**Required work:**
Without any of the pictures, transcribe all the lines below exactly.

**Excerpts from a dataset:**
++++++++++
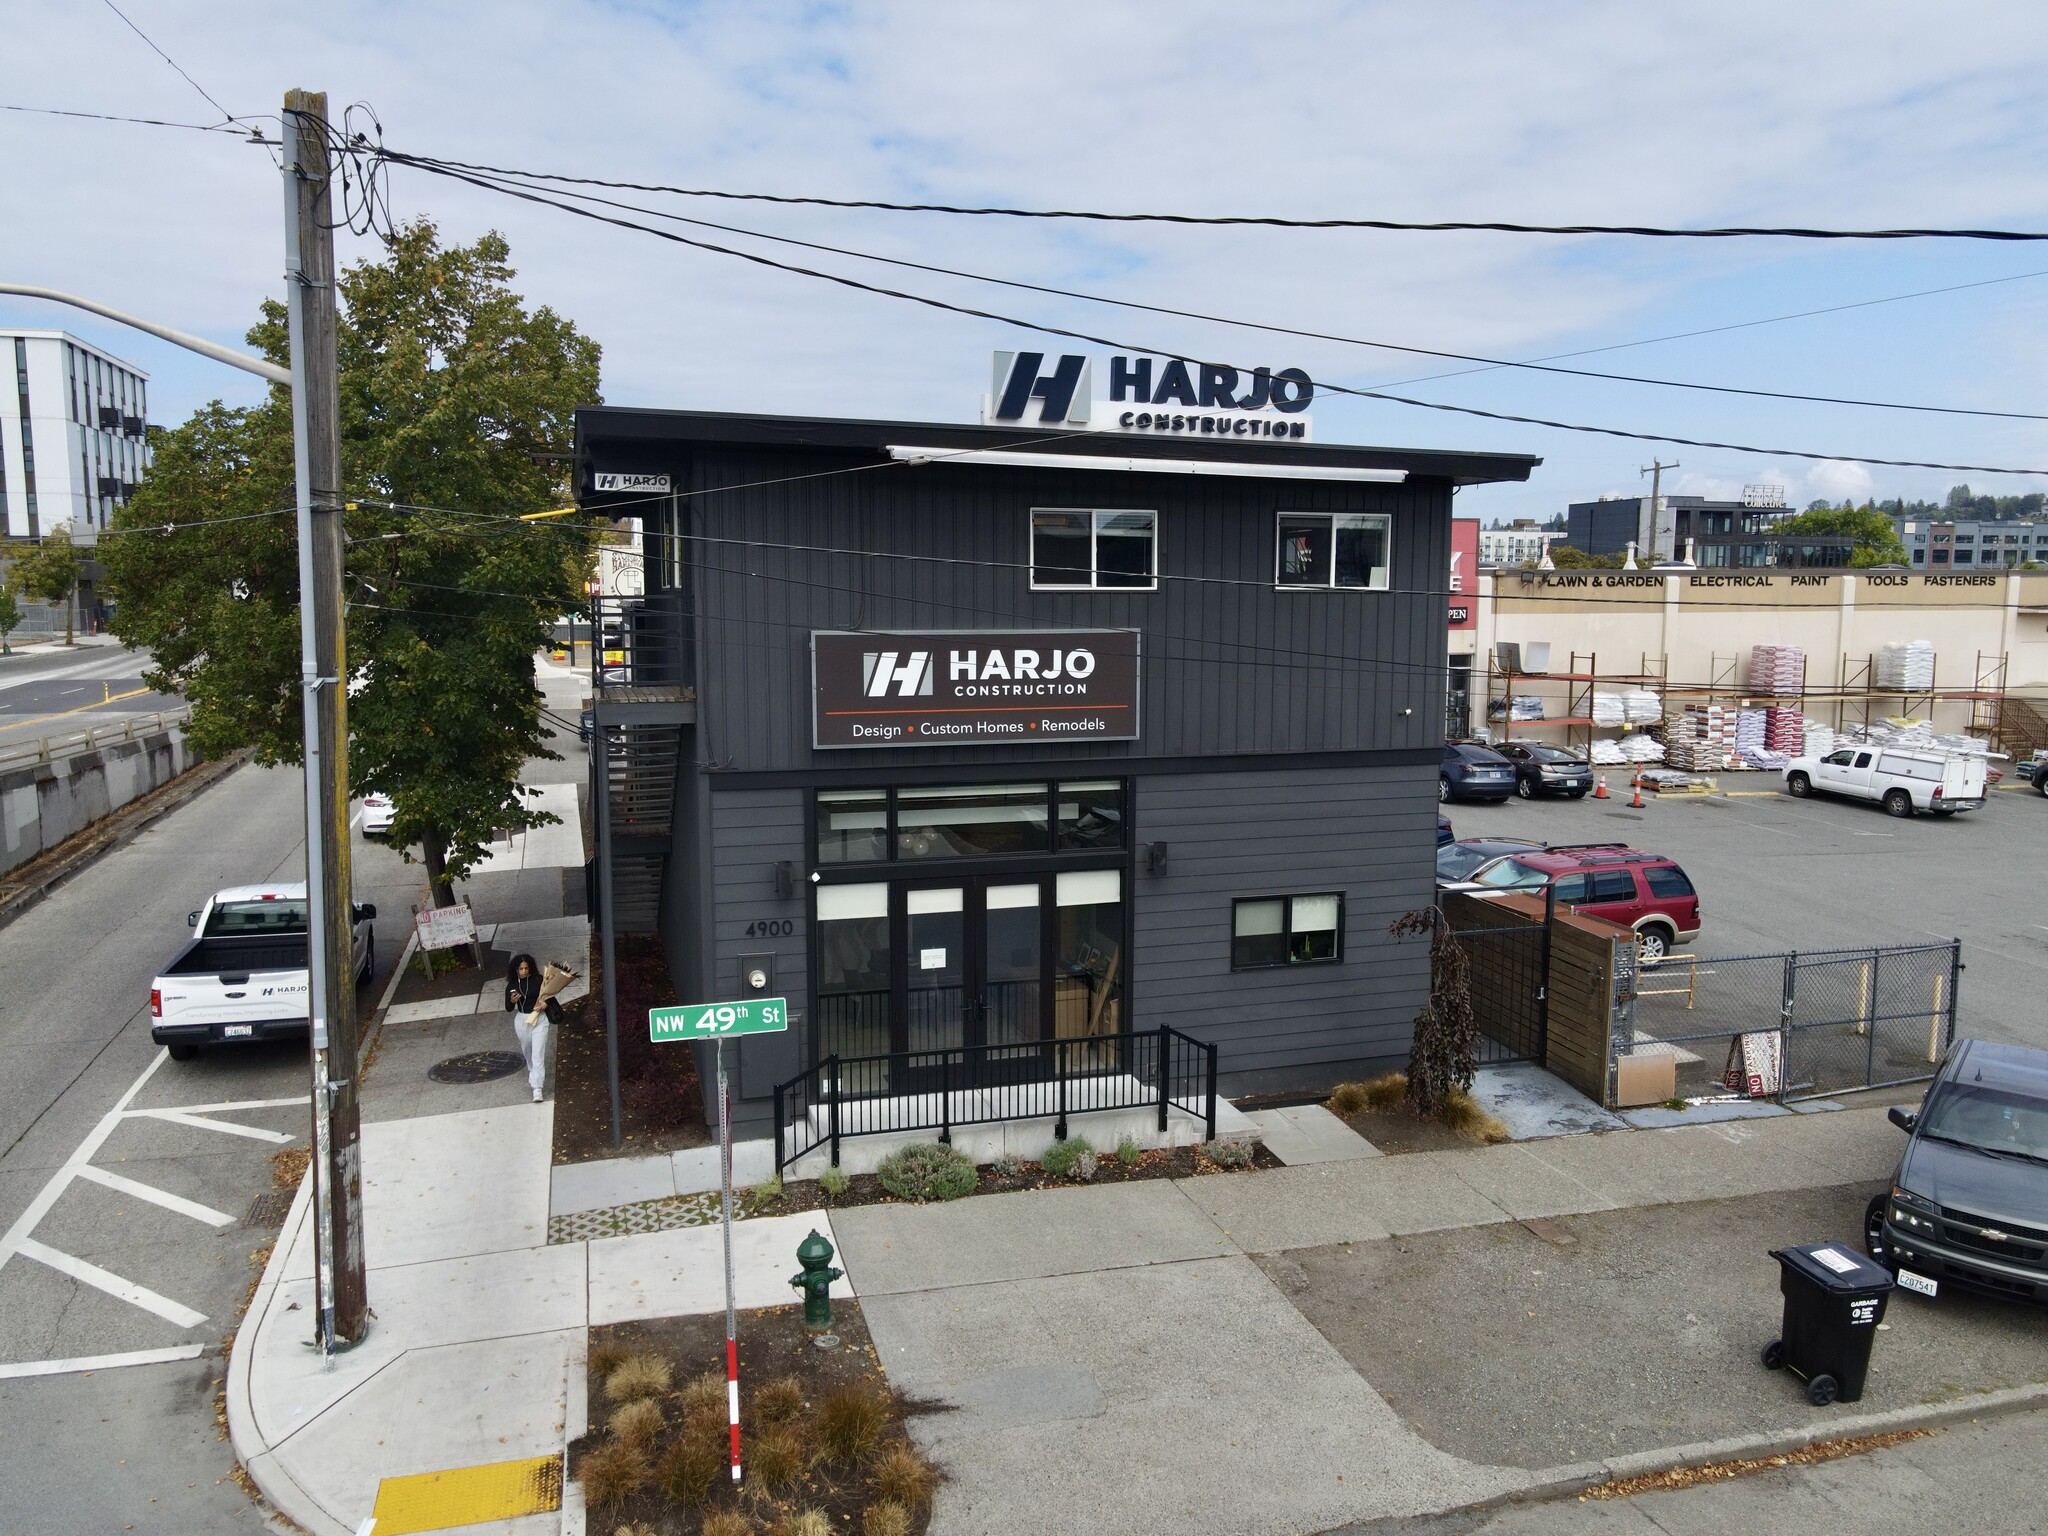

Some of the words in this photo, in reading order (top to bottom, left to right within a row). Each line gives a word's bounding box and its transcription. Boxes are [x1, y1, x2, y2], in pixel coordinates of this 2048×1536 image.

[1110, 355, 1315, 414] HARJO
[1119, 411, 1306, 438] CONSTRUCTION
[623, 476, 668, 486] HARJO
[1547, 576, 1588, 588] LAWN
[1592, 577, 1603, 588] &
[1606, 576, 1664, 588] GARDEN
[1690, 576, 1773, 588] ELECTRICAL
[1791, 575, 1830, 587] PAINT
[1866, 575, 1909, 587] TOOLS
[1924, 576, 1997, 587] FASTENERS
[1448, 608, 1467, 620] PEN
[949, 647, 1096, 681] HARJO
[954, 683, 1087, 698] CONSTRUCTION
[852, 724, 902, 740] Design
[920, 721, 973, 736] Custom
[977, 720, 1025, 734] Homes
[1041, 717, 1106, 732] Remodels
[432, 907, 467, 920] PARKING
[745, 919, 794, 938] 4900
[277, 985, 308, 993] HARJO
[655, 1014, 685, 1034] NW
[695, 1006, 749, 1033] 49th
[762, 1006, 781, 1025] St
[1750, 1077, 1762, 1094] NO
[1899, 1274, 1934, 1294] C20754T
[1851, 1299, 1879, 1308] GARBAGE
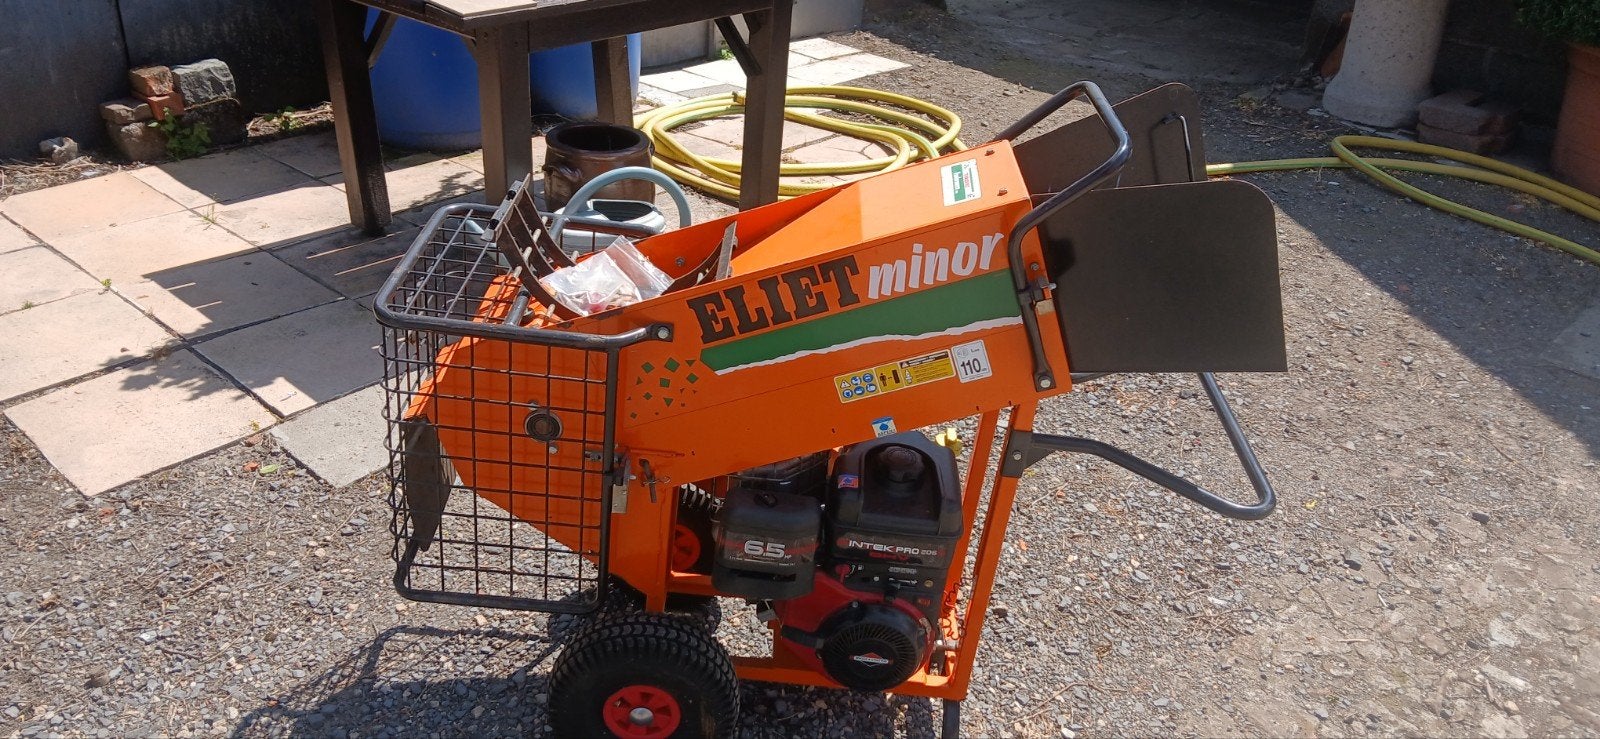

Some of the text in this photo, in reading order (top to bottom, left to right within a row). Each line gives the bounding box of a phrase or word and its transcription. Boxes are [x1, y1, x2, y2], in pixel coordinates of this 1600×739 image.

[687, 232, 1004, 344] ELIET minor
[960, 357, 981, 376] 110
[848, 540, 895, 553] INTEK
[895, 546, 920, 555] PRO
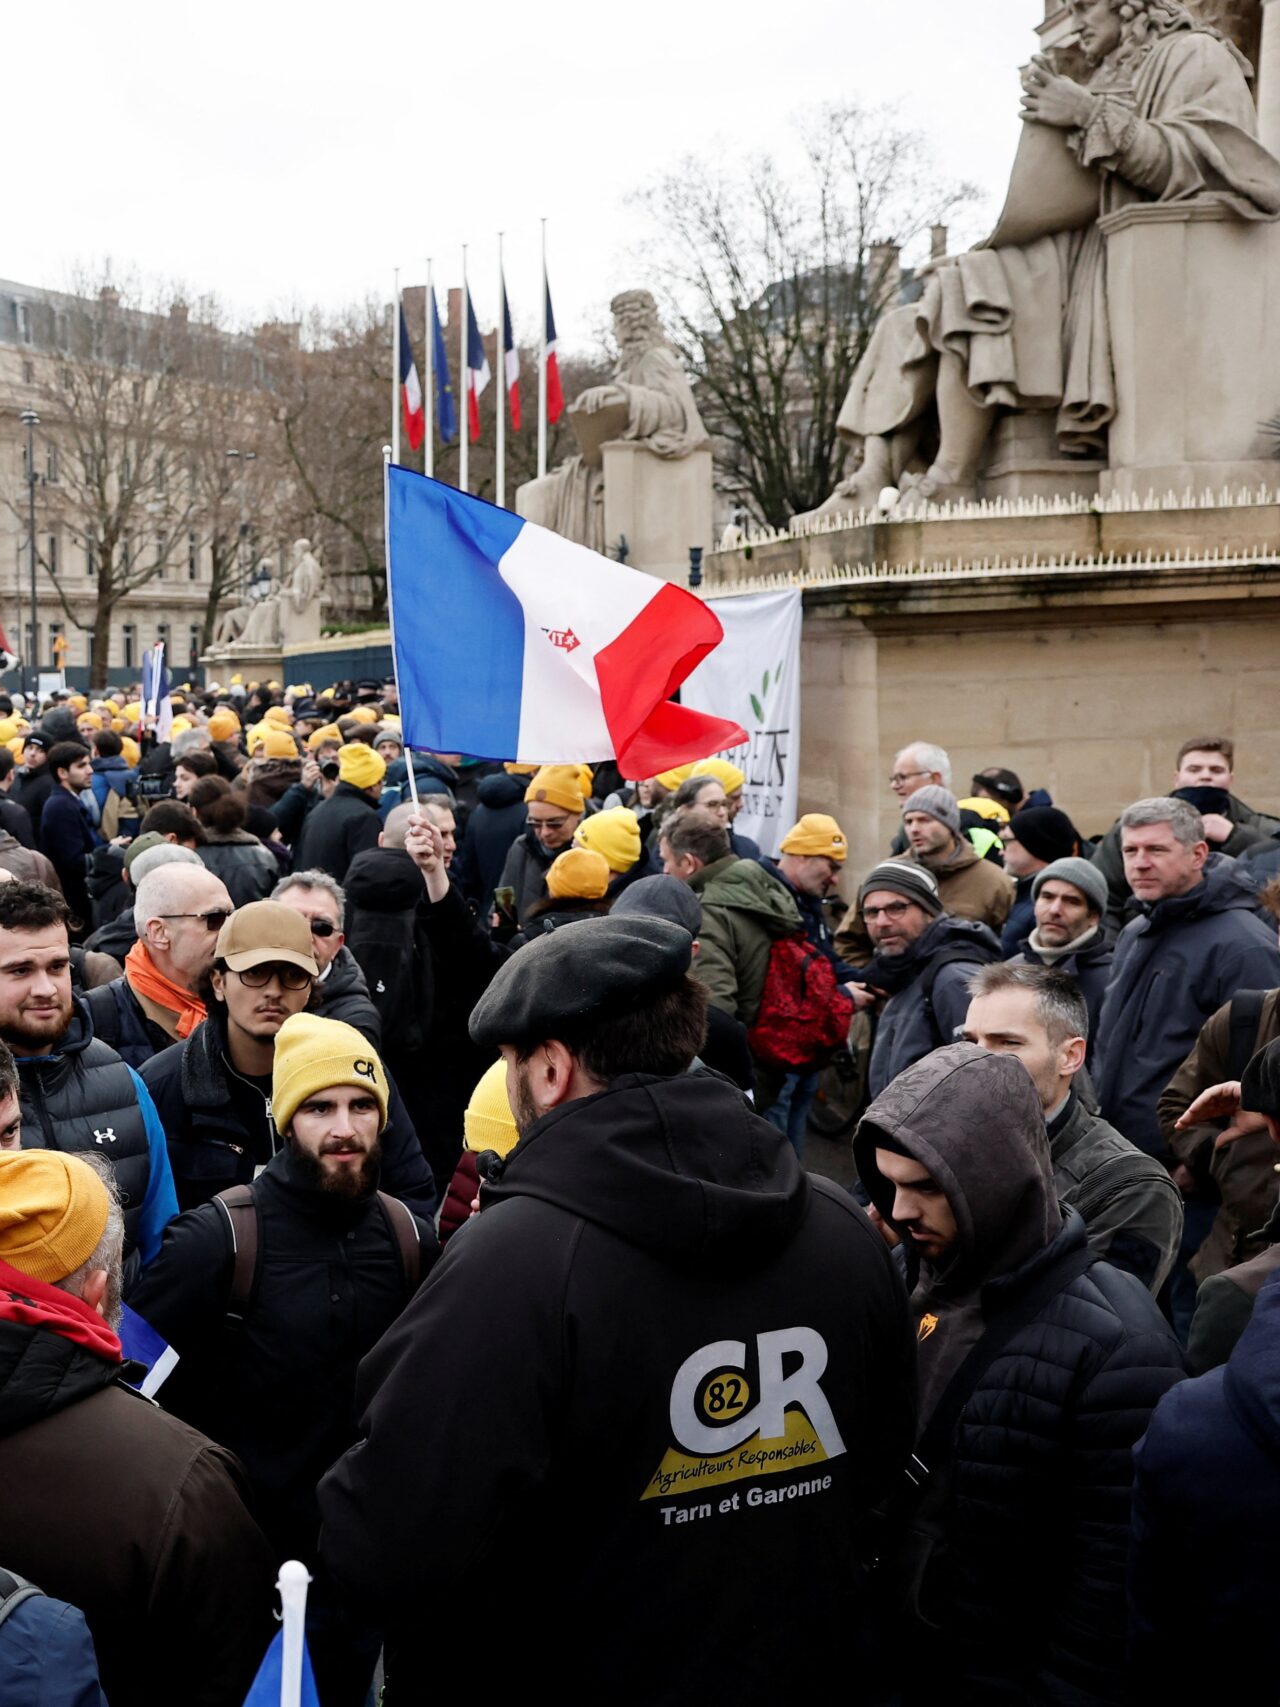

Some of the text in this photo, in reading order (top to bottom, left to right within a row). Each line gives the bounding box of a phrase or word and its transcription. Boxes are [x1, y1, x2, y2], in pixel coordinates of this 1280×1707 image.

[353, 1058, 377, 1084] CR
[669, 1325, 848, 1460] CR
[707, 1377, 744, 1413] 82
[651, 1439, 817, 1494] Agriculteurs Responsables
[660, 1474, 833, 1526] Tarn et Garonne
++++++++++
**Answer box:**
Some of the words in this photo, in reading order (top to bottom, left to right within a row). Each line gives a word's bounding box and its transcription. Boxes are [x1, y1, x2, y2], in pixel coordinates of this 2048×1536 image.

[1110, 355, 1315, 414] HARJO
[1119, 411, 1306, 438] CONSTRUCTION
[623, 476, 668, 486] HARJO
[1547, 576, 1588, 588] LAWN
[1592, 577, 1603, 588] &
[1606, 576, 1664, 588] GARDEN
[1690, 576, 1773, 588] ELECTRICAL
[1791, 575, 1830, 587] PAINT
[1866, 575, 1909, 587] TOOLS
[1924, 576, 1997, 587] FASTENERS
[1448, 608, 1467, 620] PEN
[949, 647, 1096, 681] HARJO
[954, 683, 1087, 698] CONSTRUCTION
[852, 724, 902, 740] Design
[920, 721, 973, 736] Custom
[977, 720, 1025, 734] Homes
[1041, 717, 1106, 732] Remodels
[432, 907, 467, 920] PARKING
[745, 919, 794, 938] 4900
[277, 985, 308, 993] HARJO
[655, 1014, 685, 1034] NW
[695, 1006, 749, 1033] 49th
[762, 1006, 781, 1025] St
[1750, 1077, 1762, 1094] NO
[1899, 1274, 1934, 1294] C20754T
[1851, 1299, 1879, 1308] GARBAGE

Some of the text in this photo, in reading order (top to bottom, left to right within a row). Each line gives the bounding box of a phrase or word and its transcription. Boxes are [x1, y1, x2, y2], in pixel coordinates of this 1600×739 image.

[687, 232, 1004, 344] ELIET minor
[960, 357, 981, 376] 110
[848, 540, 895, 553] INTEK
[895, 546, 920, 555] PRO

Some of the text in this photo, in reading order (top to bottom, left to right within a row). Each line gives the bounding box of a phrase or word and its transcription. Boxes are [x1, y1, x2, y2], in pixel coordinates of this 1280×1707 image.

[353, 1058, 377, 1084] CR
[669, 1325, 848, 1460] CR
[707, 1377, 744, 1413] 82
[651, 1439, 817, 1494] Agriculteurs Responsables
[660, 1474, 833, 1526] Tarn et Garonne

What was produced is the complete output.